Problem requirements:
Please write out all the data that follows exactly, without the pictures.

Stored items

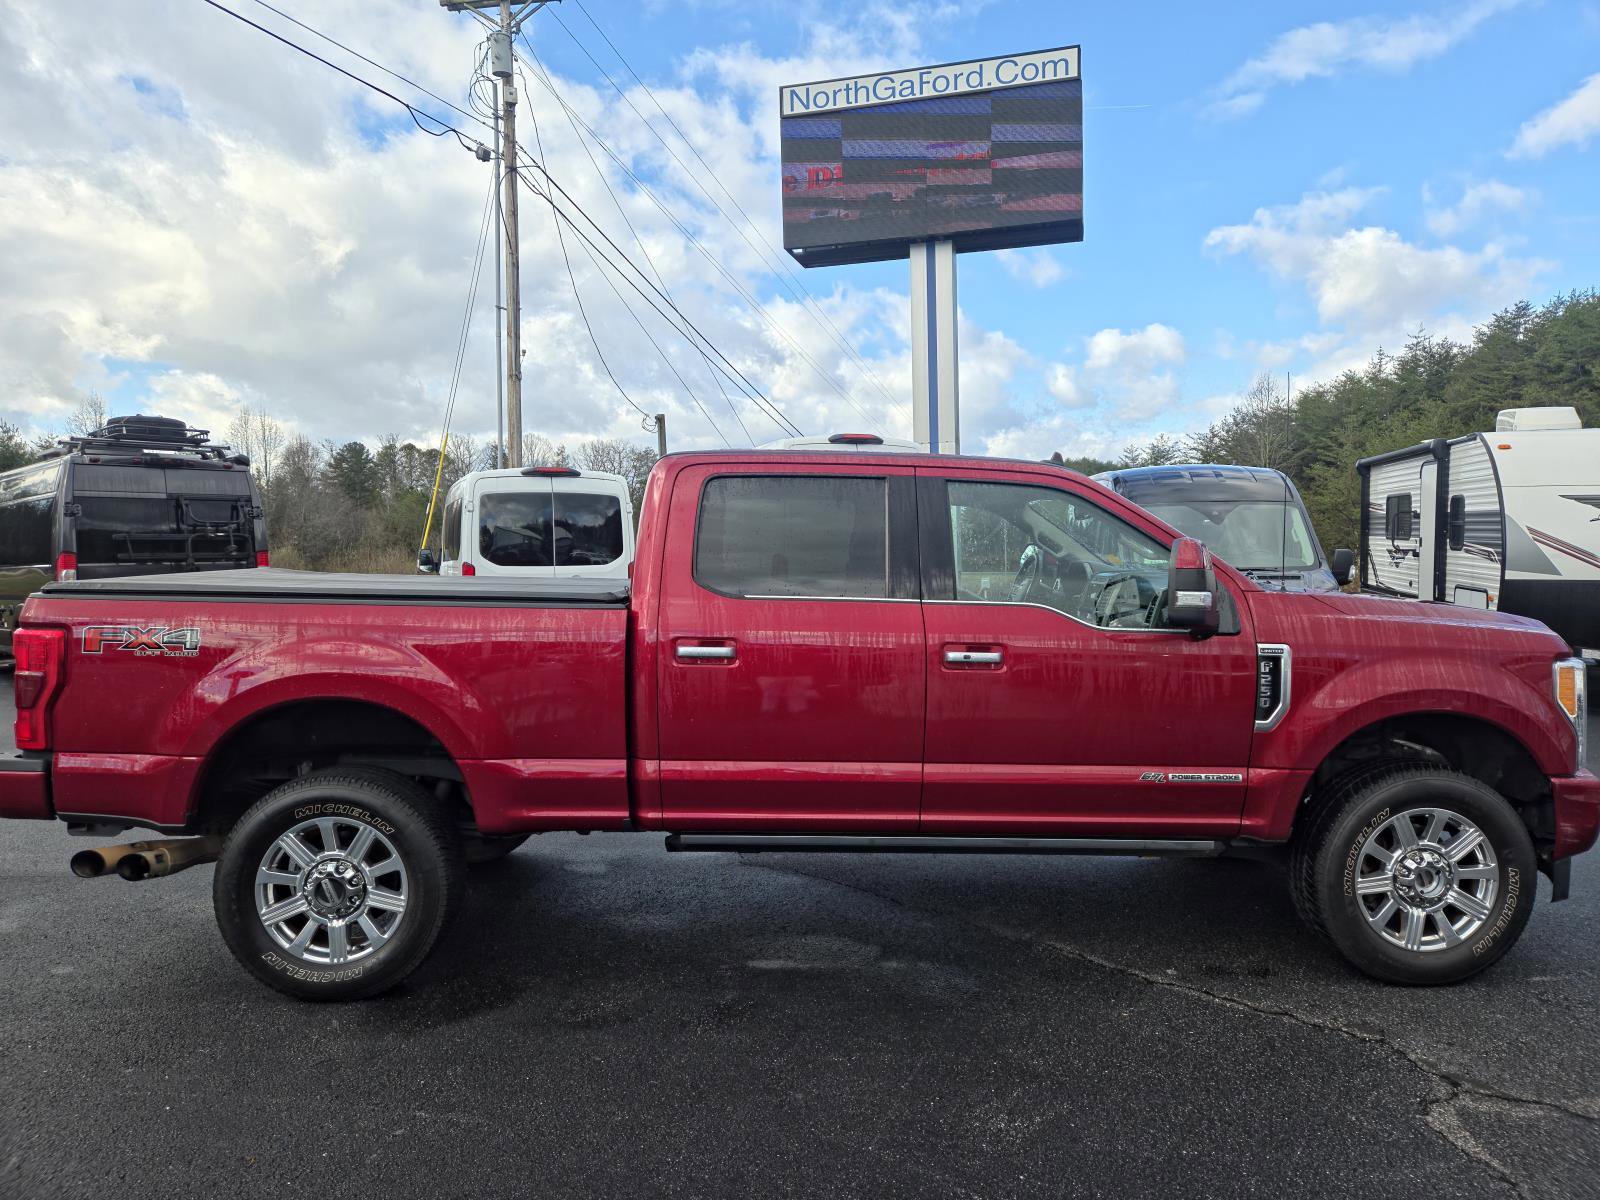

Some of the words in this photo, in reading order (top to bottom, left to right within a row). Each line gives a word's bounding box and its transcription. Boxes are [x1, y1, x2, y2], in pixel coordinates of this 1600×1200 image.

[788, 56, 1070, 113] NorthGaFord.Com
[82, 625, 201, 654] FX4
[294, 803, 396, 835] MICHELIN
[1343, 807, 1391, 897] MICHELIN
[1472, 867, 1519, 958] MICHELIN
[261, 951, 364, 983] MICHELIN

Reply to the exercise:
Some of the words in this photo, in reading order (top to bottom, left to right within a row). Each line gives a word's bounding box and its transcription. Boxes are [x1, y1, x2, y2], in pixel coordinates of this 1600×1200 image.

[788, 56, 1070, 113] NorthGaFord.Com
[82, 625, 201, 654] FX4
[294, 803, 396, 835] MICHELIN
[1343, 807, 1391, 897] MICHELIN
[1472, 867, 1519, 958] MICHELIN
[261, 951, 364, 983] MICHELIN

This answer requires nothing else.